# Is it safe to dry clean a tie?



## Sgt_Strider (Oct 10, 2006)

I just did a quick search on Google and it was mentioned that dry cleaning a tie is bad. Have anyone of you guys tried to dry clean a silk tie?


----------



## PedanticTurkey (Jan 26, 2008)

The consensus seems to be that it's not a good idea unless your dry cleaner knows what they're doing.

Honestly, I don't see the need unless the tie is stained. Then I'd just throw it away, or if I _really_ loved it, send it off to someone like tiecrafters.


----------



## Acct2000 (Sep 24, 2005)

I hope you don't mind.

I moved your thread here because it will get more discussion here.

It's dangerous. The dry cleaner may ruin the tie; certainly it is difficult for them to avoid pressing it flat.

Turkey is right; if it is really worth saving, it needs to go someplace like tie crafters, although when a tie is stained, I will sometimes give a dry cleaner a shot at it (knowing that I will throw the tie away if it comes back unwearable.) Sometimes it works okay.


----------



## chatsworth osborne jr. (Feb 2, 2008)

*they'll press it flat anyway*

I have one silk tie that suffered extremely dirty water damage, and was left to dry mangled...for over a year. I was washing a sweater in the tub with Woolite and threw it in too. Rolled it in a towel, then laid it out to dry (a little stretching and straightening by hand). It turned out pretty well.

I swear that Ben Silver's catalog used to say that you should just dab stain with water, but their website is now claiming that you should just buy a new tie


----------



## ToryBoy (Oct 13, 2008)

I have used a steam iron and it worked really well, although there was only a small stain.


----------



## Blueboy1938 (Aug 17, 2008)

*Out, out, damned spot!*

I've had ties dry cleaned with no problem. If the sides are too flat or creased, I just use my handy-dandy steamer to loosen it up.

If you have just a spot or two of something oil based, you can sometimes blot it out with the backside of the small end of the tie. Because you are using the tie material on itself, there is a lot less likelihood of damaging the weave. All you're trying to do is get it blotted to the point it can't be noticed, and it won't leave a ring. A water based spot, on the other hand, may leave a ring if you don't catch it before it dries. Blotting it can still work, and >ahem< a little spit may help dissolve the stuff, usually food, that got on there with the water.

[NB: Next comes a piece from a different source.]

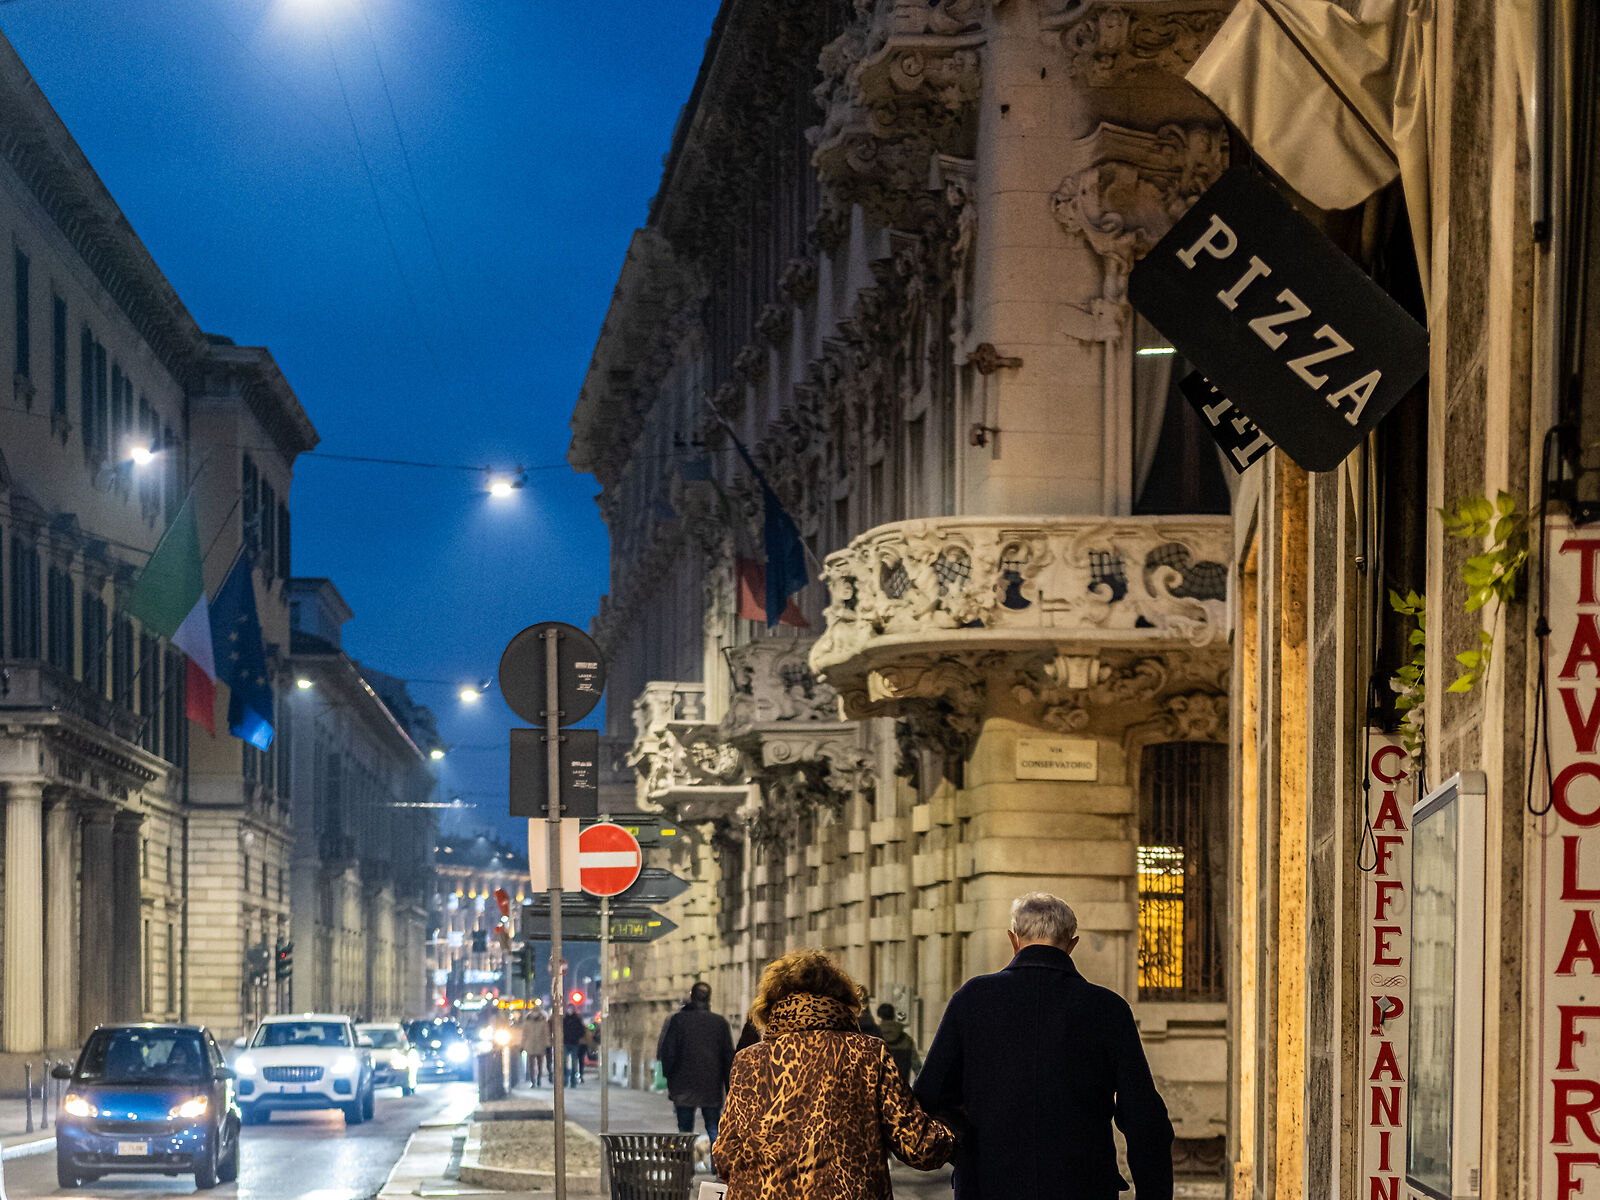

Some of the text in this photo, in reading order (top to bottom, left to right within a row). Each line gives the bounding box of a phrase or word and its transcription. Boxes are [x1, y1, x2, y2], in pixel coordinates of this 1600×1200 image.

[1176, 213, 1382, 426] PIZZA
[1371, 745, 1409, 968] CAFFE
[1552, 539, 1600, 977] TAVOLA
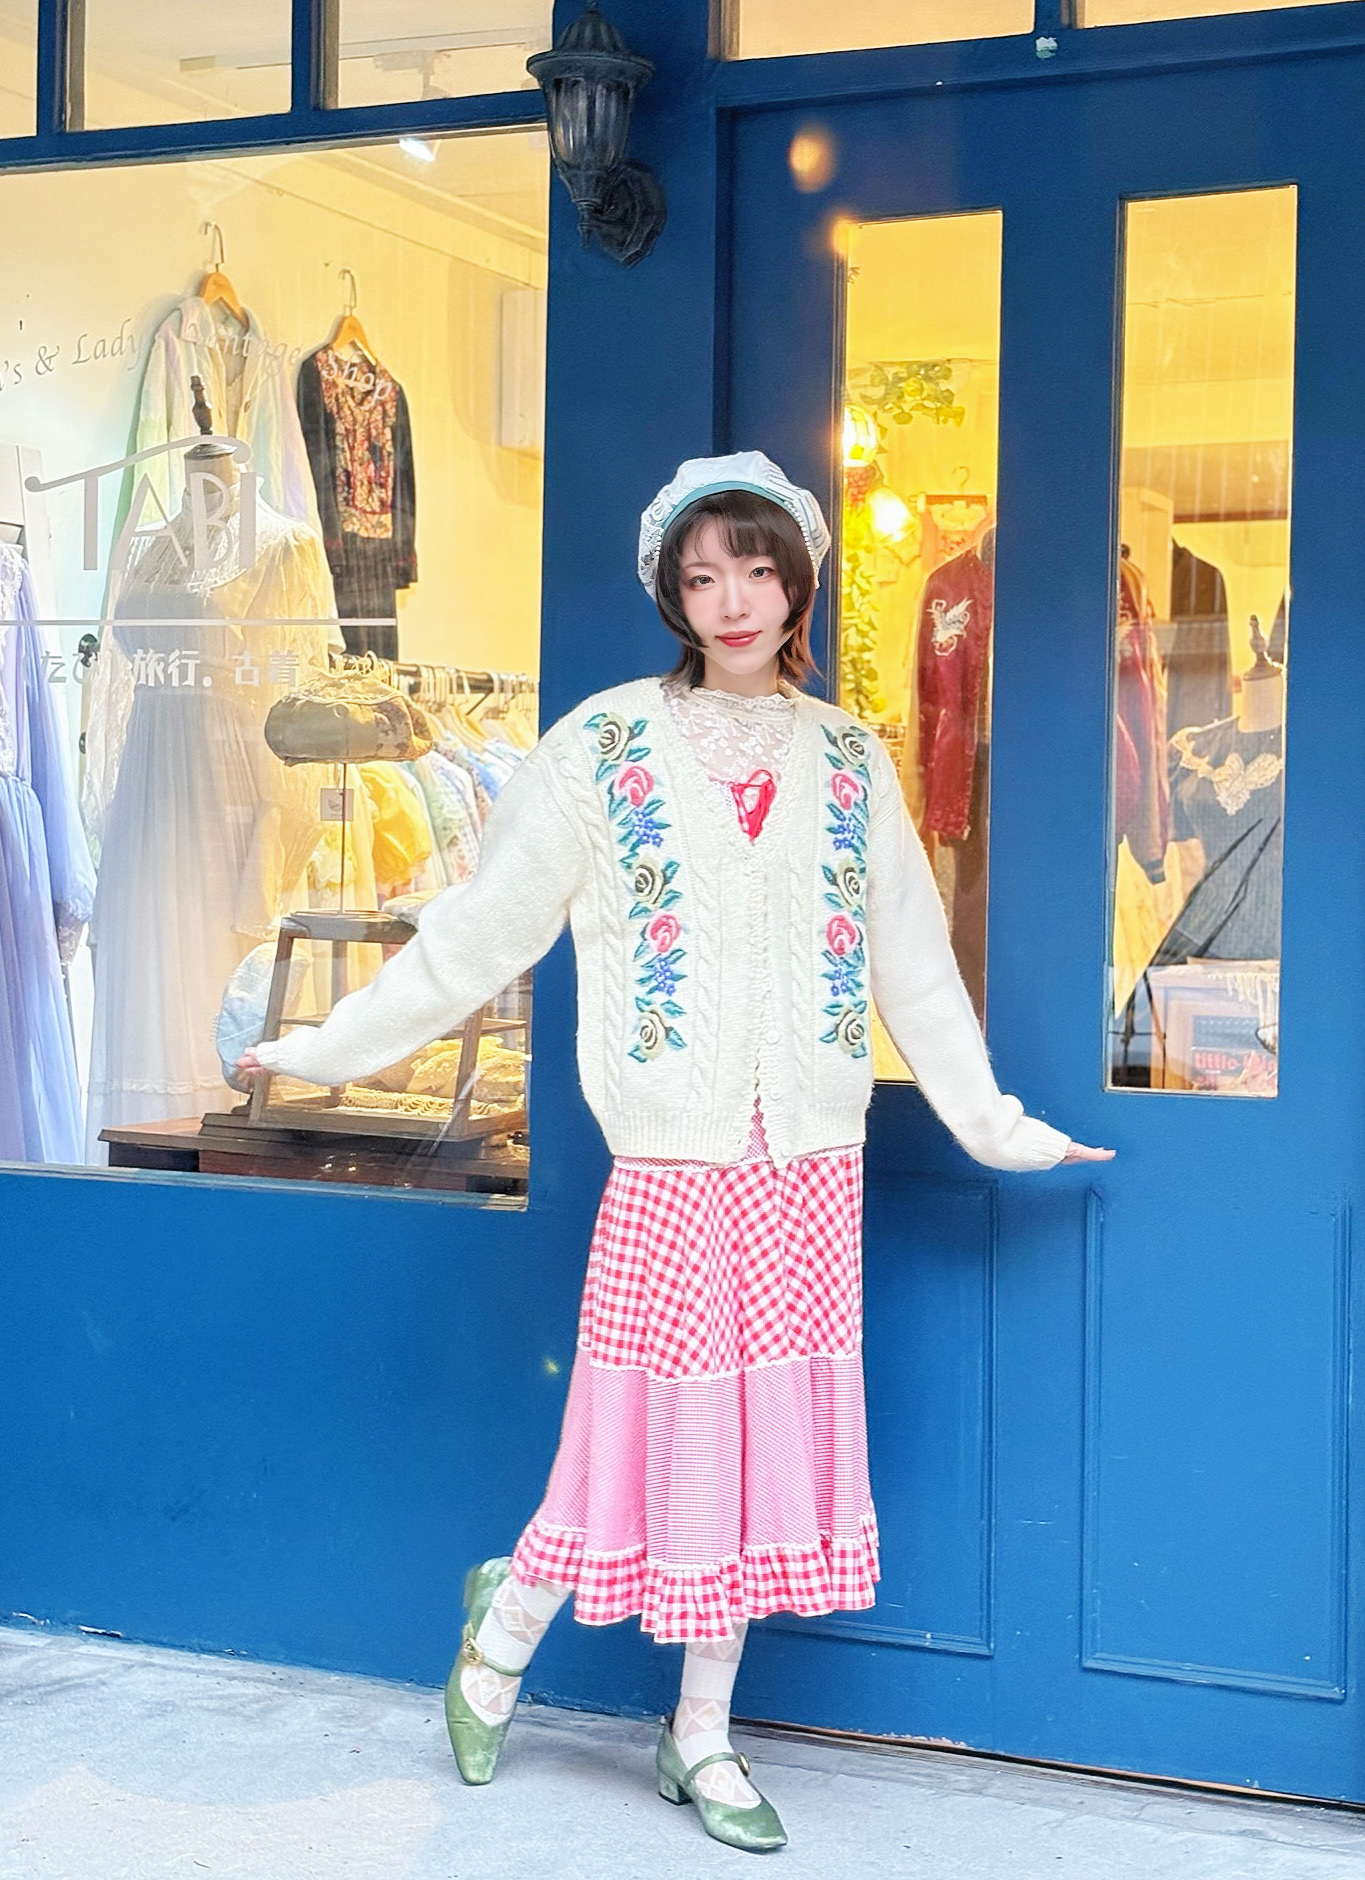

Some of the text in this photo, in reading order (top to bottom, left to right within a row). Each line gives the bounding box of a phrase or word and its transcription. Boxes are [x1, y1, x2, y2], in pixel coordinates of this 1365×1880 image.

Those chalk-like substances can work, but you should test it on an "inconspicuous part" first, mainly to see if you can get the "chalk" dust out.


----------



## Jovan (Mar 7, 2006)

chatsworth osborne jr. said:


> I swear that Ben Silver's catalog used to say that you should just dab stain with water, but their website is now claiming that you should just buy a new tie


They'd probably prefer that you buy another tie... especially from them. :icon_smile_big:


----------



## Macleod (Feb 15, 2008)

There is a really good and reputable dry cleaner here in Houston called Twin Oaks who have always given me impeccable service and take exceptional care of your clothes. It is because of there history of outstanding service that I took a favorite tie to them to be cleanedafter a waiter at a family function dropped an asaparagus spear on it. Had I known ahead of time of the dangers, I might have been a bit reluctant to go that route, but they got the stain out and the tie looked as good as new. As Turkey stated, if you really love the tie and you have been with your dry cleaner long enough to hav enough confidence in them to try to take care of it, then by all means give them a chance.


----------



## logicalfrank (Oct 16, 2008)

I sometimes get ties I buy at the thrift store dry cleaned if I like one a lot and it's not in ideal shape. Probably taken in around ten and they've all come back fine. One might have been a little bit flattened but I think it might have been like that to begin w/. That said, these are ties that I spend fifty cents to a dollar on (it is always a bit of a thrill to find an expensive tie for a buck) so no big loss monetarily if it doesn't come out.


----------



## ajo (Oct 22, 2007)

ToryBoy said:


> I have used a steam iron and it worked really well, although there was only a small stain.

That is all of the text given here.